Re: Index Skip Scan

From: Kyotaro Horiguchi <horikyota(dot)ntt(at)gmail(dot)com>
To: 9erthalion6(at)gmail(dot)com
Cc: jesper(dot)pedersen(at)redhat(dot)com, david(dot)rowley(at)2ndquadrant(dot)com, florisvannee(at)optiver(dot)com, thomas(dot)munro(at)gmail(dot)com, jtc331(at)gmail(dot)com, rafia(dot)pghackers(at)gmail(dot)com, jeff(dot)janes(at)gmail(dot)com, pg(at)bowt(dot)ie, tomas(dot)vondra(at)2ndquadrant(dot)com, thomas(dot)munro(at)enterprisedb(dot)com, bhushan(dot)uparkar(at)gmail(dot)com, pgsql-hackers(at)postgresql(dot)org, a(dot)korotkov(at)postgrespro(dot)ru
Subject: Re: Index Skip Scan
Date: 2019-07-25 11:17:37
Message-ID: 20190725.201737.192223037.horikyota.ntt@gmail.com
Views: Raw Message | Whole Thread | Download mbox | Resend email
Thread:
Lists: pgsql-hackers

Hello.

At Wed, 24 Jul 2019 22:49:32 +0200, Dmitry Dolgov <9erthalion6(at)gmail(dot)com> wrote in <CA+q6zcXgwDMiowOGbr7gimTY3NV-LbcwP=rbma_L56pc+9p1Xw(at)mail(dot)gmail(dot)com>
> > On Mon, Jul 22, 2019 at 7:10 PM Jesper Pedersen <jesper(dot)pedersen(at)redhat(dot)com> wrote:
> >
> > On 7/22/19 1:44 AM, David Rowley wrote:
> > > Here are the comments I noted down during the review:
> > >
> > > cost_index:
> > >
> > > I know you've not finished here, but I think it'll need to adjust
> > > tuples_fetched somehow to account for estimate_num_groups() on the
> > > Path's unique keys. Any Eclass with an ec_has_const = true does not
> > > need to be part of the estimate there as there can only be at most one
> > > value for these.
> > >
> > > For example, in a query such as:
> > >
> > > SELECT x,y FROM t WHERE x = 1 GROUP BY x,y;
> > >
> > > you only need to perform estimate_num_groups() on "y".
> > >
> > > I'm really not quite sure on what exactly will be required from
> > > amcostestimate() here. The cost of the skip scan is not the same as
> > > the normal scan. So other that API needs adjusted to allow the caller
> > > to mention that we want skip scans estimated, or there needs to be
> > > another callback.
> > >
> >
> > I think this part will become more clear once the index skip scan patch
> > is rebased, as we got the uniquekeys field on the Path, and the
> > indexskipprefixy info on the IndexPath node.
>
> Here is what I came up with to address the problems, mentioned above in this
> thread. It passes tests, but I haven't tested it yet more thoughtful (e.g. it
> occurred to me, that `_bt_read_closest` probably wouldn't work, if a next key,
> that passes an index condition is few pages away - I'll try to tackle it soon).
> Just another small step forward, but I hope it's enough to rebase on top of it
> planner changes.
>
> Also I've added few tags, mostly to mention reviewers contribution.

I have some comments.

+ * The order of columns in the index should be the same, as for
+ * unique distincs pathkeys, otherwise we cannot use _bt_search
+ * in the skip implementation - this can lead to a missing
+ * records.

It seems that it is enough that distinct pathkeys is contained in
index pathkeys. If it's right, that is almost checked in existing
code:

> if (pathkeys_contained_in(needed_pathkeys, path->pathkeys))

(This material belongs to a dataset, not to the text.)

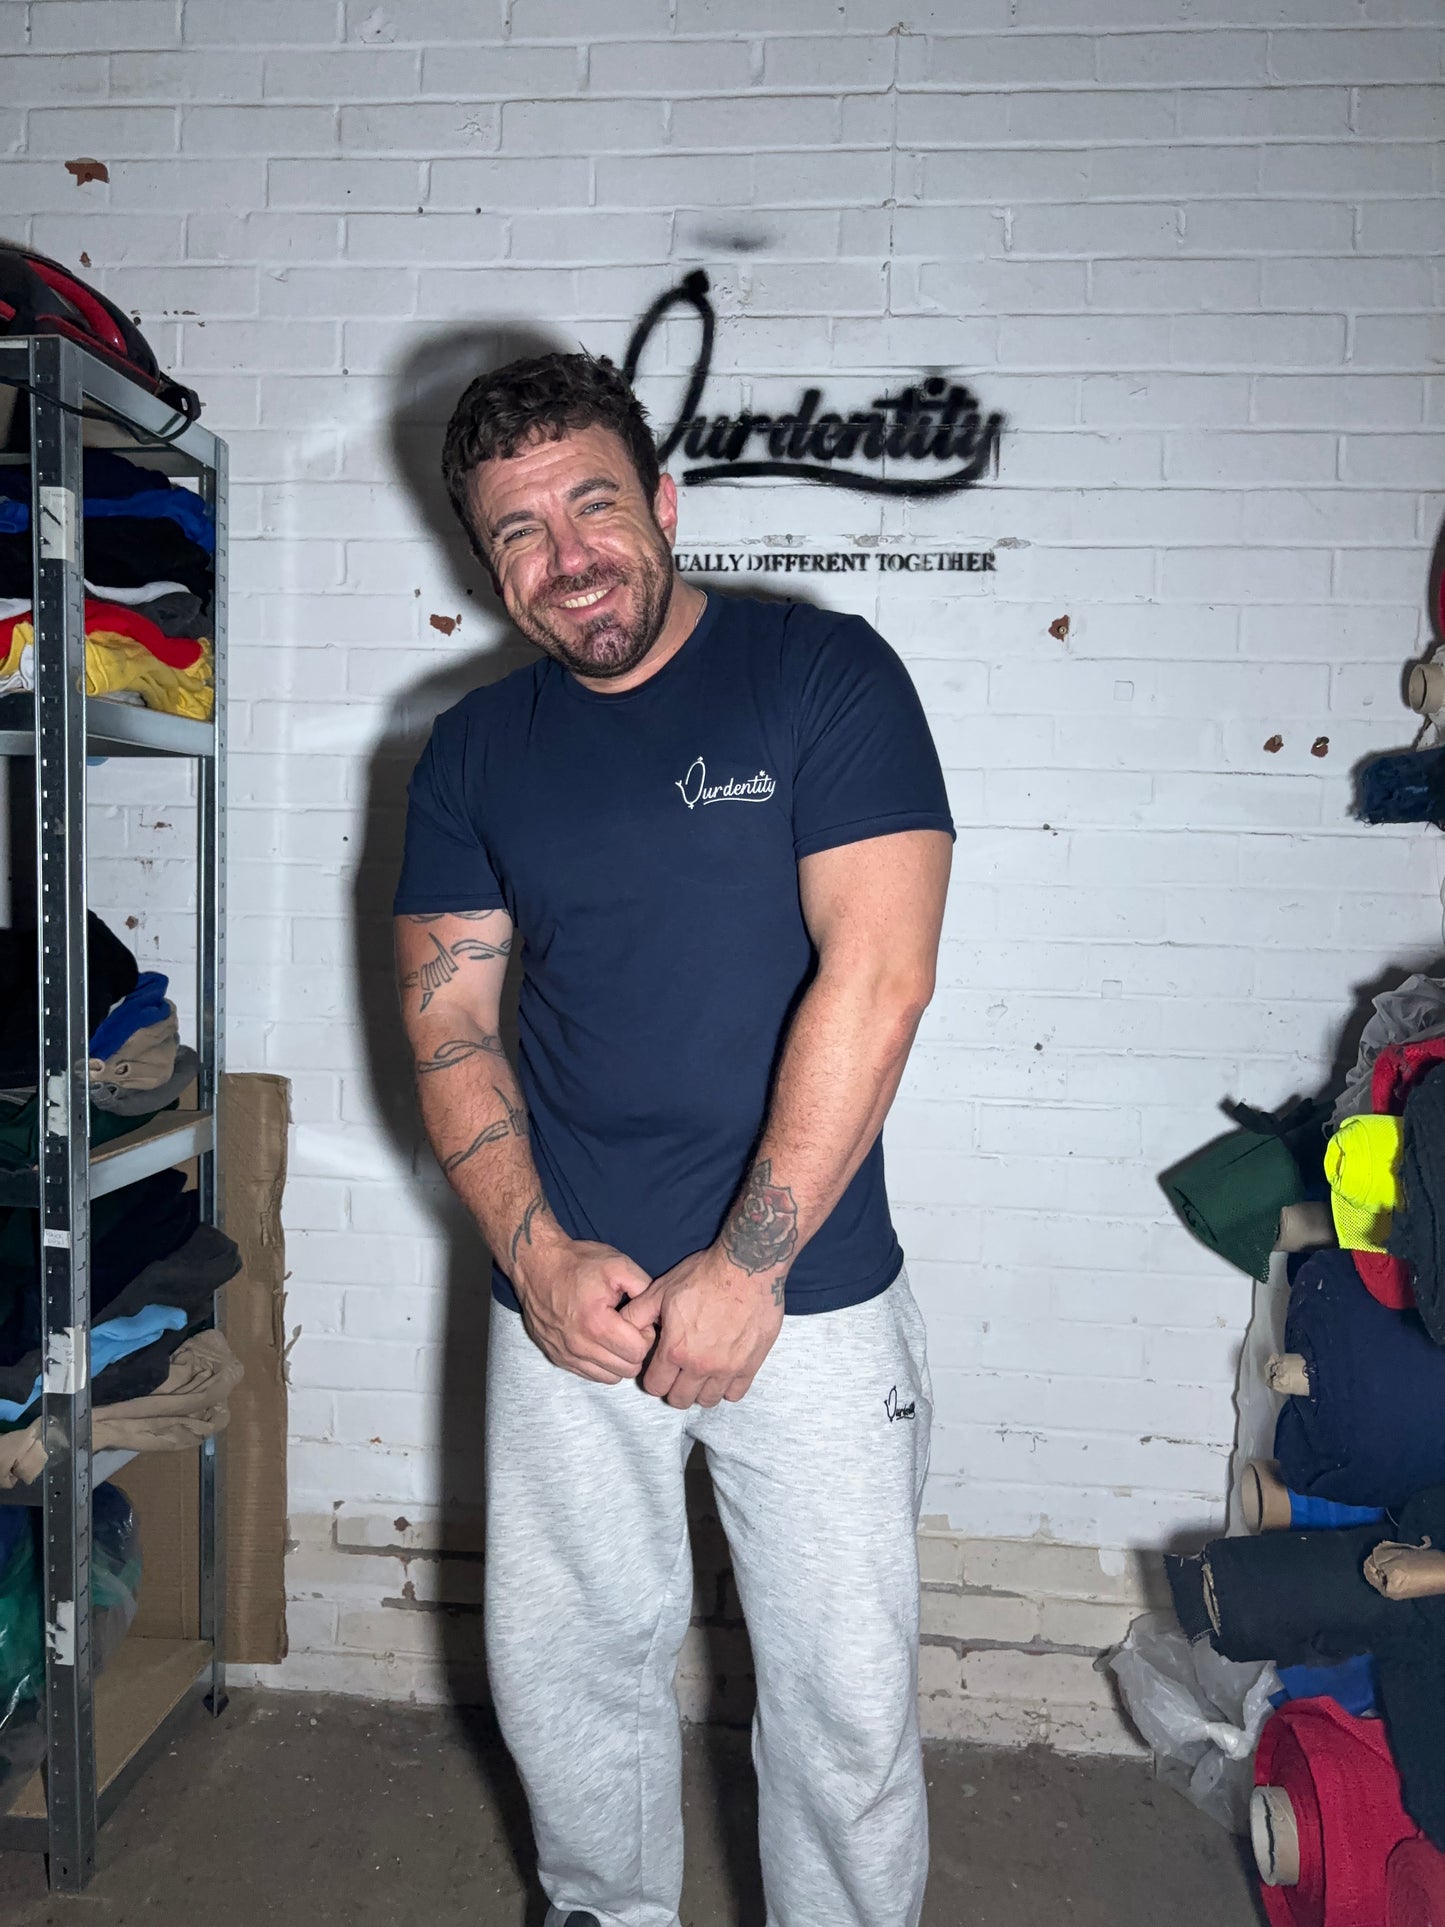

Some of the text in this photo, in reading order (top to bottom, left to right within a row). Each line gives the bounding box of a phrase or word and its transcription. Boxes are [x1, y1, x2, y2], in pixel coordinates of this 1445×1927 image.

It is perfect when needed_pathkeys is distinct_pathkeys. So
additional check is required if and only if it is not the case.

> if (enable_indexskipscan &&
> IsA(path, IndexPath) &&
> ((IndexPath *) path)->indexinfo->amcanskip &&
> (path->pathtype == T_IndexOnlyScan ||
> path->pathtype == T_IndexScan) &&
> (needed_pathkeys == root->distinct_pathkeys ||
> pathkeys_contained_in(root->distinct_pathkeys,
> path->pathkeys)))

path->pathtype is always one of T_IndexOnlyScan or T_IndexScan so
the check against them isn't needed. If you have concern on that,
we can add that as Assert().

I feel uncomfortable to look into indexinfo there. Couldnd't we
use indexskipprefix == -1 to signal !amcanskip from
create_index_path?

+ /*
+ * XXX: In case of index scan quals evaluation happens after
+ * ExecScanFetch, which means skip results could be fitered out
+ */

Why can't we use skipscan path if having filter condition? If
something bad happens, the reason must be written here instead of
what we do.

+ if (path->pathtype == T_IndexScan &&
+ parse->jointree != NULL &&
+ parse->jointree->quals != NULL &&
+ ((List *)parse->jointree->quals)->length != 0)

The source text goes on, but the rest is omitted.